LUCENE-550 is an alternative RAM index store that is up to 100x faster than the
standard RAMDirectory and it is built to support my machine learning projects
such as http://issues.apache.org/jira/browse/LUCENE-626 and
http://issues.apache.org/jira/browse/LUCENE-1025
zOlive dit:
21 October 2007 at 9:02 am
Hi Karl,
Thanks for your message, I'm happy to hear that someone actually made some use
of this code !
Apart from the offset feature, the only specificity of my code is its relative
speed for lookups in sorted integer lists, which I'm unsure whether it's
exactly your use case or not.
However, I will be more than pleased to contribute this tiny piece of code to
Apache, and I must say I'm a bit surprised that there isn't such a method in
any of their projects yet (say, in Jakarta Commons -
http://commons.apache.org/collections/).
Where shall I post it to ?
Karl Wettin dit:
21 October 2007 at 4:32 pm
Thanks!
You don't need to post it anywhere, I have simply pasted it in this class of
mine and adapted it to fit my needs.
It is indeed an int[] (actually MyClass[].getInt()) I'm seeking in, the
variable pivot is most welcome.
> InstantiatedIndex - faster but memory consuming index
> -----------------------------------------------------
>
> Key: LUCENE-550
> URL: https://issues.apache.org/jira/browse/LUCENE-550
> Project: Lucene - Java
> Issue Type: New Feature
> Components: Store
> Affects Versions: 2.0.0
> Reporter: Karl Wettin
> Assignee: Grant Ingersoll
> Attachments: HitCollectionBench.jpg,
> LUCENE-550_20071021_no_core_changes.txt, test-reports.zip
>
>
> Represented as a coupled graph of class instances, this all-in-memory index
> store implementation delivers search results up to a 100 times faster than
> the file-centric RAMDirectory at the cost of greater RAM consumption.

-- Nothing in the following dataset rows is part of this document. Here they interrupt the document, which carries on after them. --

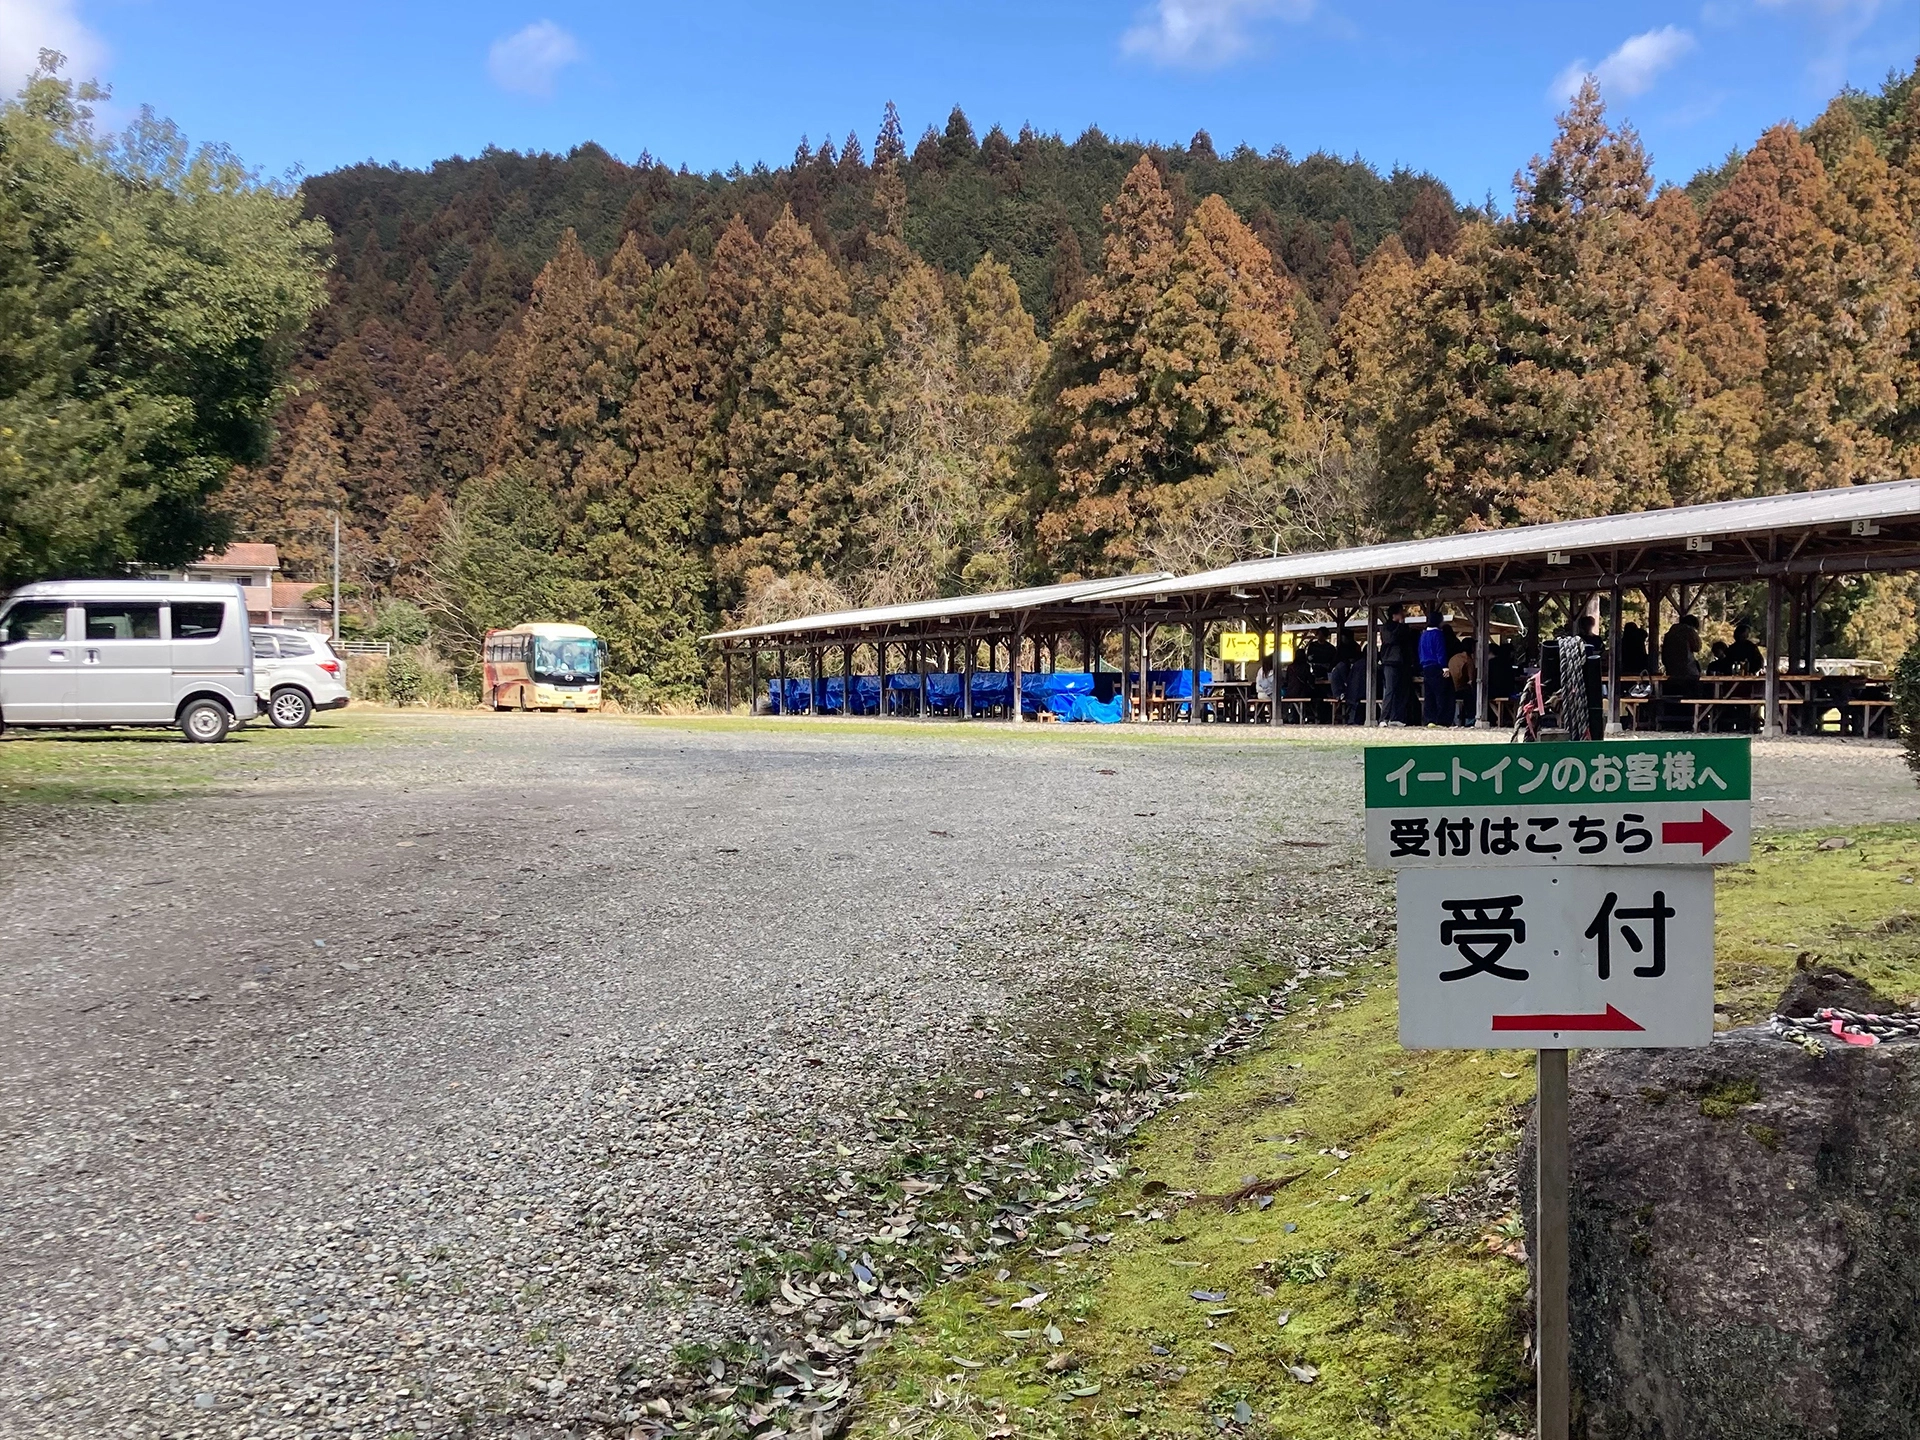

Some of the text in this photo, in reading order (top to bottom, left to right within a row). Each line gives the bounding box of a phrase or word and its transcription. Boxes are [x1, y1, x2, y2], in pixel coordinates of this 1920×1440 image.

[1857, 521, 1865, 533] 3
[1691, 538, 1698, 549] 5
[1551, 553, 1557, 563] 7
[1423, 566, 1429, 575] 9
[1385, 751, 1728, 796] イートインのお客様へ
[1389, 813, 1653, 858] 受付はこちら
[1438, 890, 1676, 982] 受付

> Performance seems to be a little bit better than log2n (binary search). No
> real data on that, just my eyes.
> Populated with a single document InstantiatedIndex is almost, but not quite,
> as fast as MemoryIndex.
> At 20,000 document 10-50 characters long InstantiatedIndex outperforms
> RAMDirectory some 30x,
> 15x at 100 documents of 2000 charachters length,
> and is linear to RAMDirectory at 10,000 documents of 2000 characters length.
> Mileage may vary depending on term saturation.